When you’re buying a house in an area you’re not familiar with, and where you can’t be at all times, it pays to have boots on the ground who you can trust. A real estate agent will be able to ensure things go smoothly for you so that your house is ready when you arrive to seal the deal. 


While there are a lot of variables to consider when searching for a Florida beach house, it's reassuring to know that the experience of living on the beach will most likely meet or exceed your expectations! More often than not, beach living IS everything it's cracked up to be! It's generally a goal that's well worth pursuing.

Naturally, you need to consider things like affordability, the amount of privacy you require, and proximity to stores and other conveniences. However, with a little persistence and the help of a seasoned real estate agent, you'll be pleasantly surprised with the variety of quality oceanfront properties that are available on the market.

The magnificence of the Atlantic Ocean is one of the main reasons thousands of home buyers are drawn to the Florida coastline, every year. Being able to look out at the rolling waves and sandy beach is a luxury many people aspire to. While there are plenty of multi-million dollar mansions situated on the Florida coast, you don't necessarily have to be wealthy to afford a nice home with beachfront access.

Although the element of luck sometimes plays a role in the success of real estate searches, it's much more important to have a clear mental picture of what you're looking for. When you've identified your requirements, a realistic price range, and your "wish list" items, your search will be much more focused, streamlined, and fruitful.

Besides the beautiful scenery and easy access to long walks on the beach, the allure of surfside living stems from a desire for luxury, comfort, and relaxation. When you combine the balmy ocean breezes and the laidback lifestyle that's often associated with living on or near the beach, it's easy to see why these features are on people's minds -- if not on their wish lists.

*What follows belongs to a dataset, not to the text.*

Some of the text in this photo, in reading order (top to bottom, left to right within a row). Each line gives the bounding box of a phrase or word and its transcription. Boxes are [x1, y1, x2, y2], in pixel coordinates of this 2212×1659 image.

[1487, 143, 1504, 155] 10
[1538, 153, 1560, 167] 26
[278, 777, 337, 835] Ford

To make sure your beach home has all the attributes you need to be happy and comfortable, it's helpful to have a home buyer's checklist on hand when starting your search. As is the case with any real estate search, you need to be comfortable with the neighborhood, the monthly mortgage (and other) payments, the layout of the home, its architectural style, and the number of bathrooms and bedrooms. The size and functionality of the kitchen can also impact your satisfaction with the house. Other things to consider include commute times, local traffic conditions, and the availability of entertainment, recreation, and cultural attractions. If you're approaching retirement age, you might also want to be on the lookout for activities, services, and groups that cater to your interests, needs, and lifestyle goals.

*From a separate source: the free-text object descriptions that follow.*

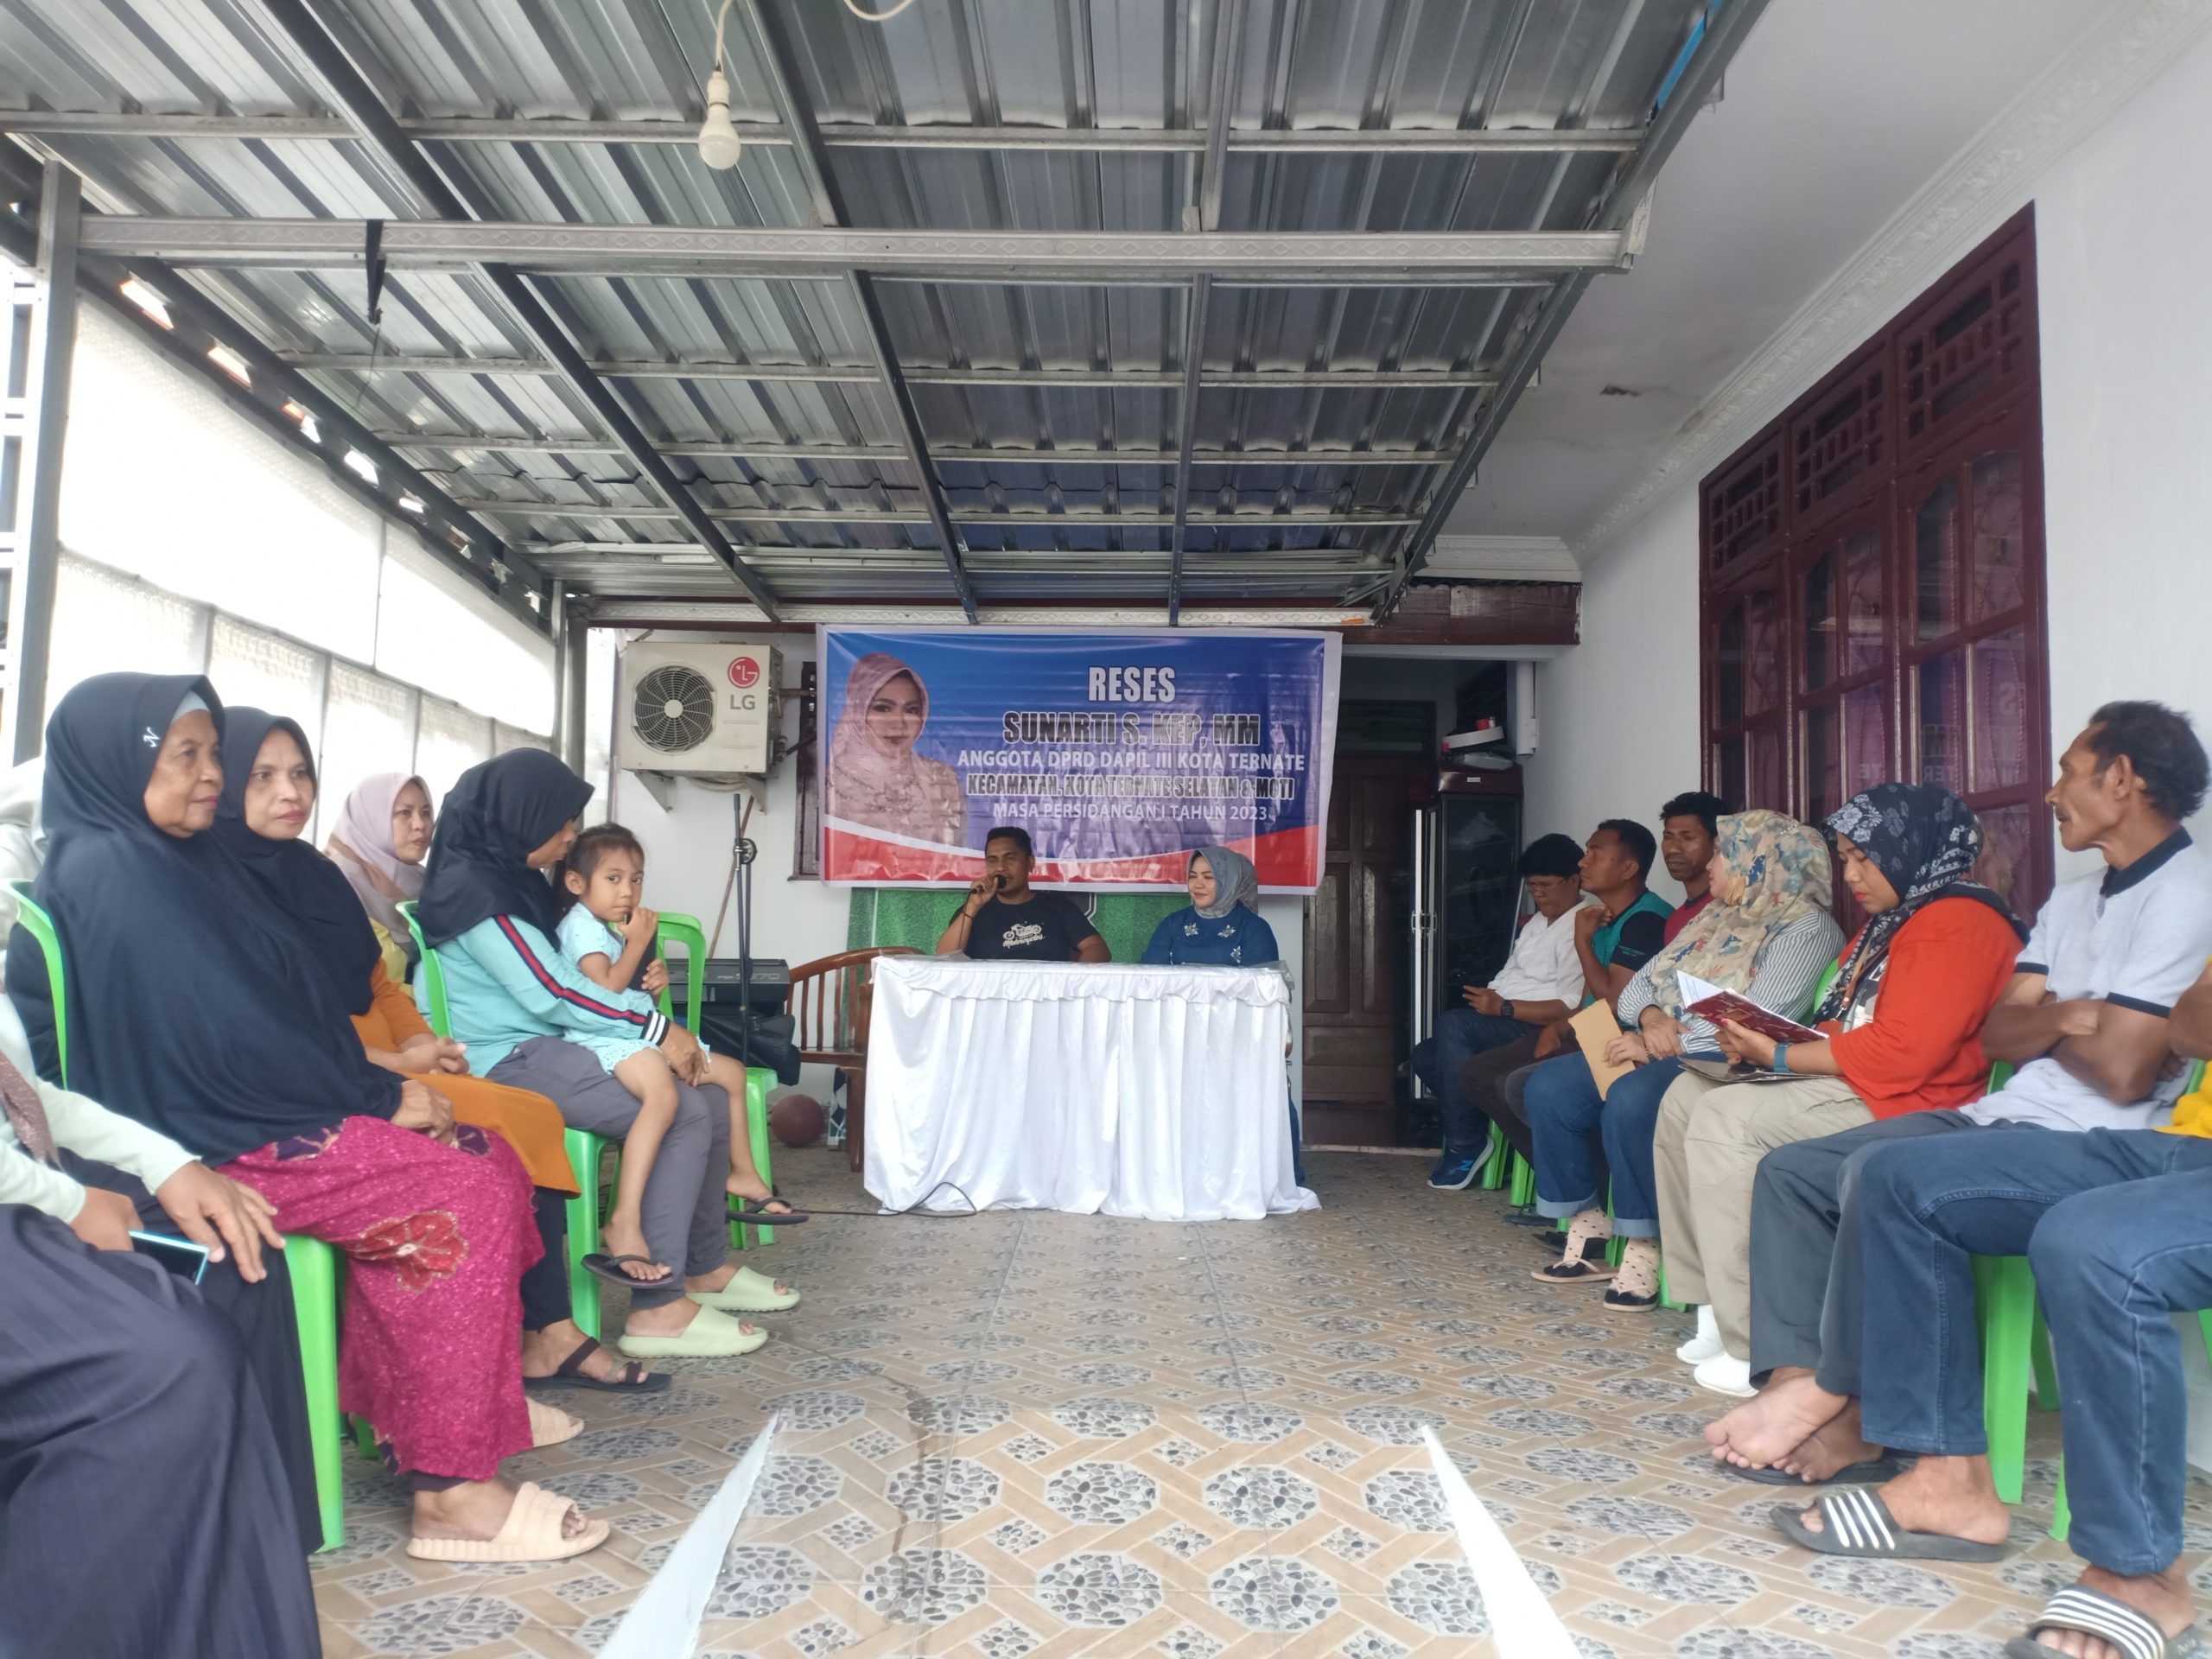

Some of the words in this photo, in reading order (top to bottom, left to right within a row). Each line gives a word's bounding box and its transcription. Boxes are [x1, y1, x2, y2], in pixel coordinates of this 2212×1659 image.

[1088, 666, 1176, 702] RESES
[730, 695, 755, 710] LG
[1003, 711, 1116, 744] SUNARTI
[1122, 712, 1147, 746] S.
[1153, 714, 1206, 748] KEP,
[1212, 714, 1261, 746] MM
[957, 750, 1043, 767] ANGGOTA
[1048, 751, 1095, 768] DPRD
[1100, 752, 1150, 768] DAPIL
[1156, 753, 1172, 769] III
[1178, 753, 1224, 769] KOTA
[1229, 753, 1306, 771] TERNATE
[1064, 775, 1105, 797] KOTA
[1106, 775, 1172, 798] TERNATE
[1173, 776, 1238, 799] SELATAN
[1240, 779, 1255, 799] &
[1255, 777, 1295, 800] MOTI
[994, 803, 1039, 818] MASA
[1044, 804, 1156, 818] PERSIDANGAN
[1170, 804, 1226, 820] TAHUN
[1230, 806, 1267, 820] 2023

Even when you do find your ideal Florida home, it's crucial to have the property inspected by a certified home inspector. It's important to make sure the "home of your dreams" does not turn out to be a proverbial "money pit" that can deprive you of the pleasure of home ownership. Knowing what you're buying can help you accurately plan your finances, anticipate home maintenance costs, and stay within the constraints of your household budget.